Später besuchten wir dann hier in Bern das Bundeshaus und trafen den damaligen Ständerat von Appenzell Ausserrhoden. Ich hätte mir nie träumen lassen, einmal in seine Fussstapfen zu treten.
swissinfo.ch: Gab es in Ihrer Familie Vorbilder?
A.C.: Seit Teenagertagen diskutiere ich immer wieder mit meinem Vater, der ähnliche politische Ansichten vertritt wie ich. Er nimmt zwar an allen Wahlen und Abstimmungen teil, ist aber selbst nie in der Politik aktiv gewesen. Zwischenzeitlich war meine Mutter Gemeinderichterin. Bei politischen Themen ist mein Vater aber immer noch einer meiner wichtigsten Sparringspartner. Das gilt auch für den Lebensgefährten meiner Mutter. Ich habe es mir zur Aufgabe gemacht, meine ganze Familie für Politik zu begeistern. (lacht)

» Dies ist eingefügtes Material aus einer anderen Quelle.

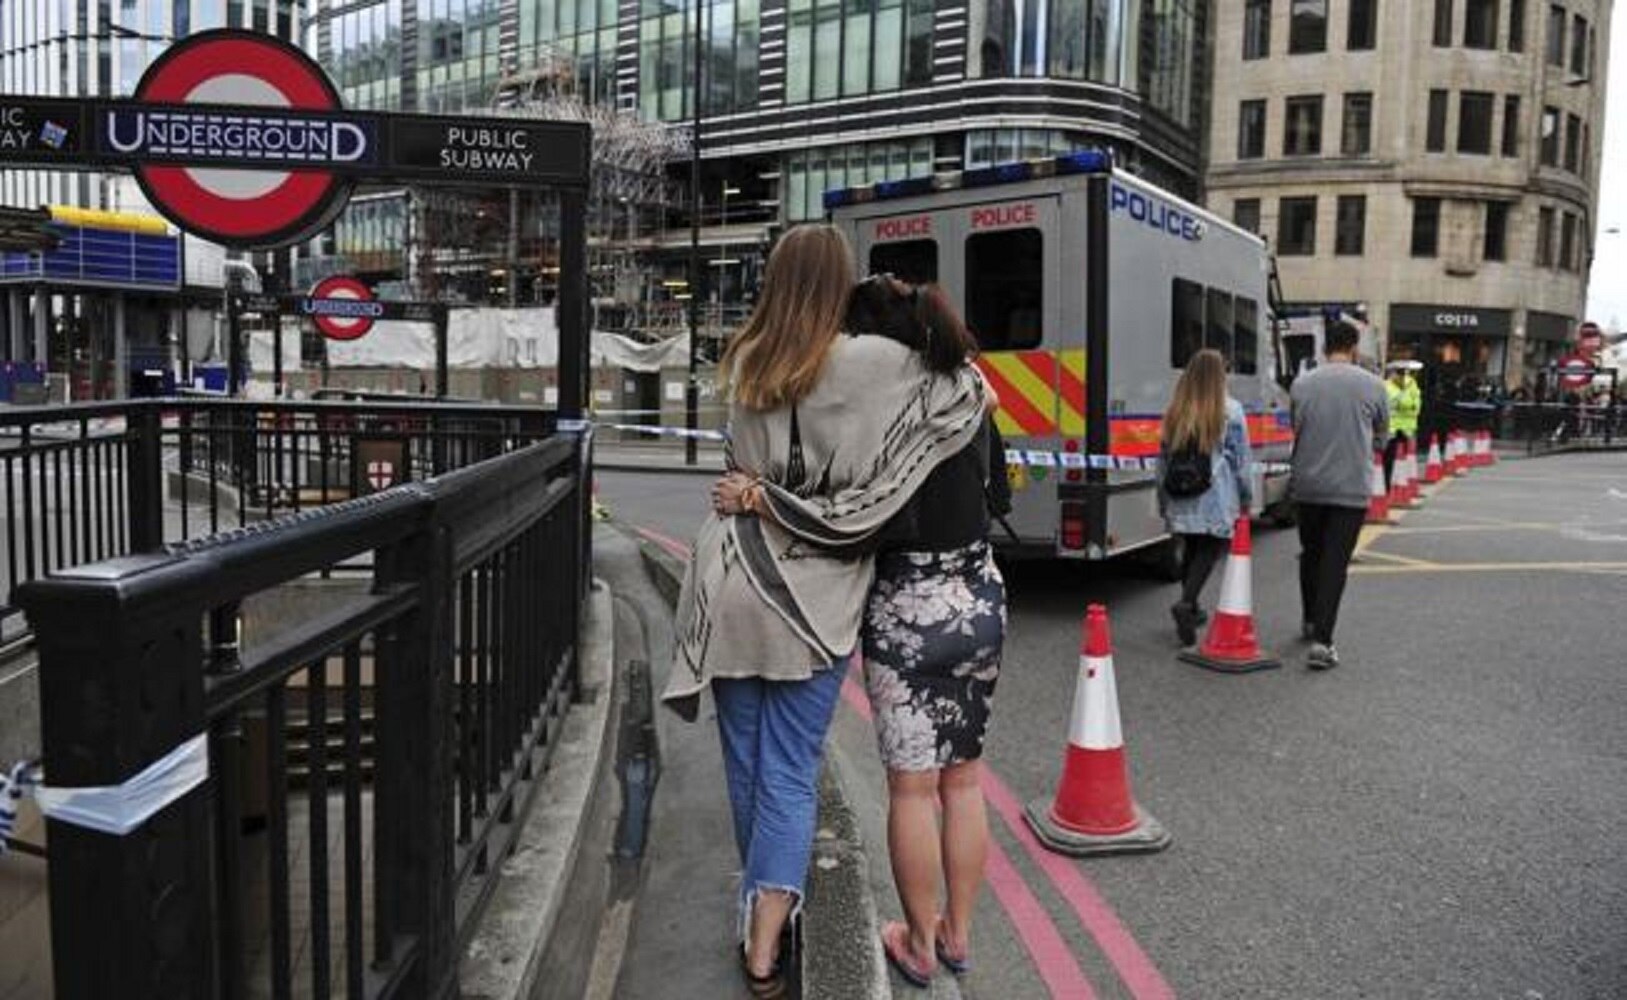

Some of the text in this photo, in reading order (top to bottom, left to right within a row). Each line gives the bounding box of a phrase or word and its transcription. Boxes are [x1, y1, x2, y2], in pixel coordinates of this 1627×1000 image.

swissinfo.ch: Was ist für junge Menschen die beste Möglichkeit, wenn sie sich politisch engagieren möchten?
A.C.: Natürlich braucht man keine bestimmte Schule zu besuchen, um in der Politik aktiv zu werden. Wenn Schülerinnen und Schüler das Parlament besuchen, rate ich ihnen gerne, an Jugendversammlungen oder hier in Bern an der Jugendsession teilzunehmen.
Ich denke auch, dass man sich mit der Entscheidung für eine bestimmte politische Partei ein wenig Zeit lassen sollte. Es dauert nämlich, bis man diejenige Gruppierung gefunden hat, die wirklich zu einem passt. Und wenn man zu häufig wechselt, geht das zulasten der Glaubwürdigkeit.
swissinfo.ch: Sollten die Bürger zu grösserer Beteiligung aufgefordert werden, quasi als staatsbürgerliche Pflicht, wie das vor ein paar Jahren ein Think Tank vorschlug?
A.C.: Ich halte gar nichts davon, die Bürger zu etwas zwingen zu wollen, sei es mit einer Wahlpflicht oder anderen Regelungen. Der Staat sollte sich da so weit wie möglich heraushalten. Ein politisches Recht beinhaltet auch das Recht, nicht davon Gebrauch zu machen.
Idealerweise entscheiden sich die Menschen aus freiem Willen dafür, sich als Staatsbürger aktiv einzubringen.